── TASK DATA

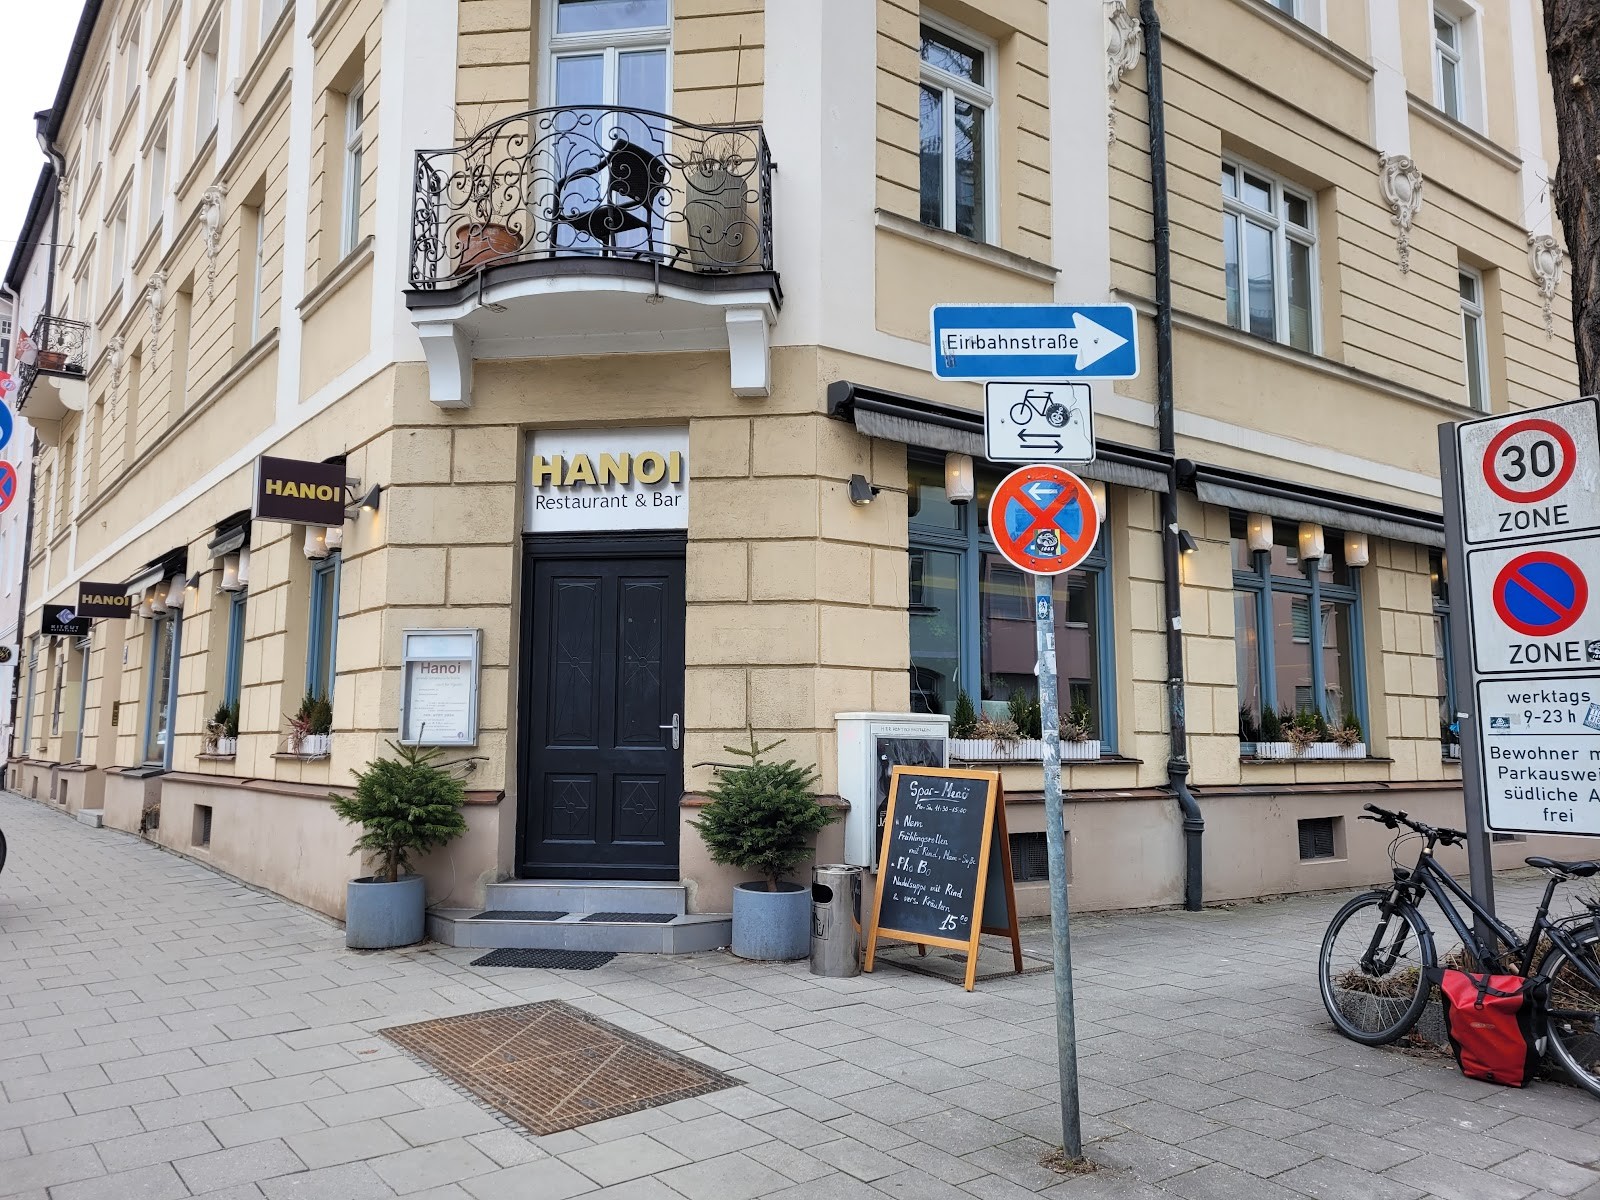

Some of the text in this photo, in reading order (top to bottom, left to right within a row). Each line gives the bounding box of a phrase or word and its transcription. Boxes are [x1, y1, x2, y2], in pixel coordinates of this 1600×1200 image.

[946, 333, 1079, 350] Einbahnstraße
[531, 451, 682, 487] HANOI
[1501, 440, 1555, 482] 30
[265, 478, 340, 502] HANOI
[535, 491, 682, 510] Restaurant & Bar
[1498, 504, 1570, 532] ZONE
[81, 594, 129, 606] HANOI
[1508, 641, 1581, 664] ZONE
[420, 661, 461, 674] Hanoi
[1507, 689, 1591, 706] werktags
[1524, 709, 1563, 723] 9-23
[1568, 709, 1576, 723] h
[1490, 746, 1579, 760] Bewohner
[1504, 786, 1600, 803] südliche A
[903, 814, 924, 828] Nem
[1543, 807, 1574, 822] frei
[896, 856, 932, 877] Pho Bo
[929, 884, 941, 893] mit
[945, 883, 964, 899] Rind

────

ABOUT THIS EXERCISE: Print all of the entries word for word. Omit the pictures they contain.

REPLY:
Some of the text in this photo, in reading order (top to bottom, left to right within a row). Each line gives the bounding box of a phrase or word and its transcription. Boxes are [x1, y1, x2, y2], in pixel coordinates of this 1600×1200 image.

[946, 333, 1079, 350] Einbahnstraße
[531, 451, 682, 487] HANOI
[1501, 440, 1555, 482] 30
[265, 478, 340, 502] HANOI
[535, 491, 682, 510] Restaurant & Bar
[1498, 504, 1570, 532] ZONE
[81, 594, 129, 606] HANOI
[1508, 641, 1581, 664] ZONE
[420, 661, 461, 674] Hanoi
[1507, 689, 1591, 706] werktags
[1524, 709, 1563, 723] 9-23
[1568, 709, 1576, 723] h
[1490, 746, 1579, 760] Bewohner
[1504, 786, 1600, 803] südliche A
[903, 814, 924, 828] Nem
[1543, 807, 1574, 822] frei
[896, 856, 932, 877] Pho Bo
[929, 884, 941, 893] mit
[945, 883, 964, 899] Rind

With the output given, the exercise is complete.